You know, the usual Brontë-Twilight stuff. From The Telegraph:
According to the author, who is a Mormon, her books are "about life, not death" and "love, not lust". Each book in the series was inspired by and loosely based on a different literary classic: Twilight on Jane Austen's Pride and Prejudice, New Moon on Shakespeare's Romeo and Juliet, Eclipse on Emily Brontë's Wuthering Heights, and Breaking Dawn on A Midsummer Night's Dream. Meyer also states that Orson Scott Card and L. M. Montgomery's Anne of Green Gables series are a big influence on her writing.
“Absolutely,” [Melissa] Rosenberg said. “Stephenie’s compared it at times to ’Wuthering Heights,’ or ’Romeo and Juliet.’ You could take the straight-ahead drama part off and drop the fantastical element and still have a compelling story. But, of course, I think the fantastical elements take it to another level.” (John Anderson in the McClatchy-Tribune)
The Kennebec Journal reprints a fragment from Bedside: The Art of Medicine by Michael A. LaCombe, published by University of Maine Press.
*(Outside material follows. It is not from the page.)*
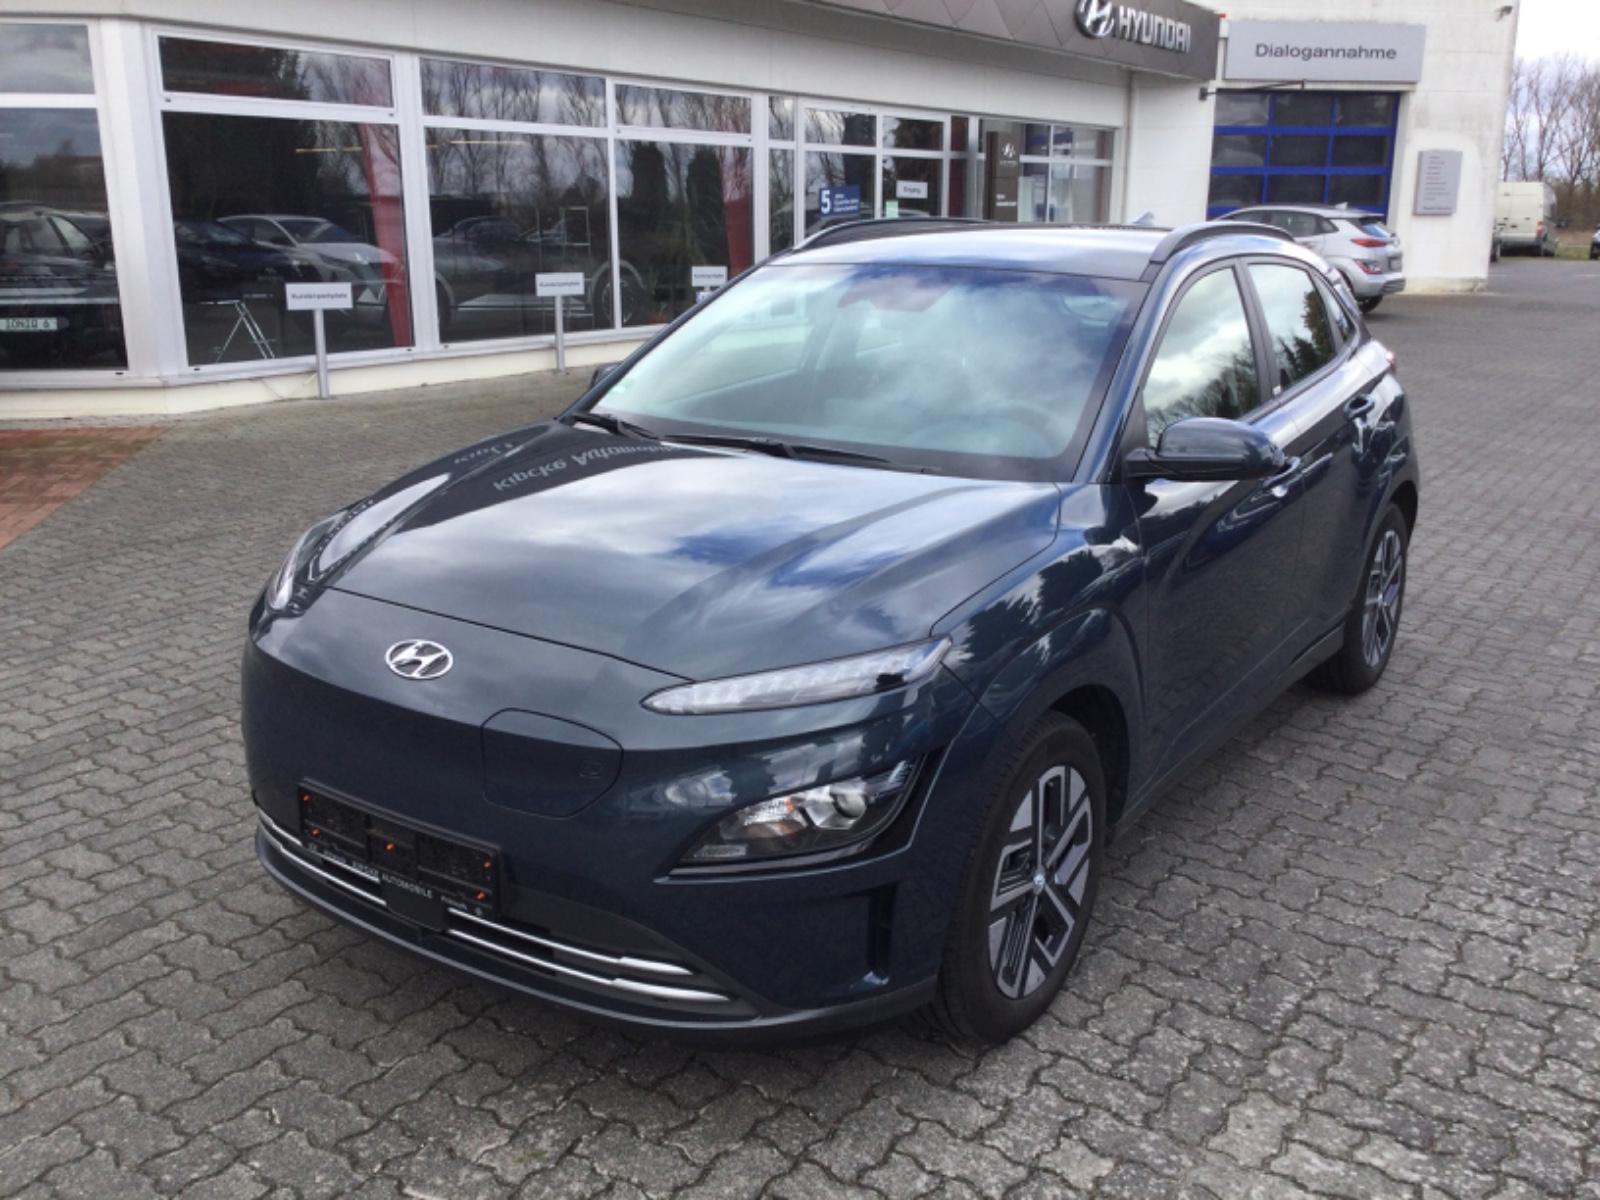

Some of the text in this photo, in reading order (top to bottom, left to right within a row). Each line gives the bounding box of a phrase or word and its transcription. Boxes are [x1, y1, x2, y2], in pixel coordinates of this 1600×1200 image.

There's a Brontë reference:
And now he is wasting away on the east wing, barely alive. And he isn't mine anymore. I don't really know what I mean by that. I mean, I had always intended to go back to Stash's with him. It was going to be part of my life, someday. But the hospital bedside just isn't the same thing, my friend. The climate's different; the agenda's changed. Oh, he still taunts me about being unread, still shows me up in his gentle, teasing way:
"Quick, my good doctor, a character from Bronté (sic). ... Time's up ... Heathcliffe(sic, again). Now ... Emily, or Charlotte?"
Buzzle thinks that Wuthering Heights is one of "the best classics for young adults", the author Eve Marie Mont posts on Shooting Stars Mag:
Right now, I am revising my second novel, a YA book inspired by Jane Eyre[.]
An Adventure in Reading reviews Rachel Ferguson's The Brontës Went to Woolworths, Cubicle Confusion describes how it is to read about Helen Burns's death in a bus, Les Brontë à Paris posts a French translation of Charlotte Brontë's letter to Henry Nussey refusing his marriage proposal and celebrates the anniversary of her marriage with Arthur Bell Nichols some years afterwards. Wasatiya... moderación, camino medio posts briefly (in Spanish) about Villette, Book Girl of Mur-y-Castell reviews the Classical Comics's adaptation of Jane Eyre.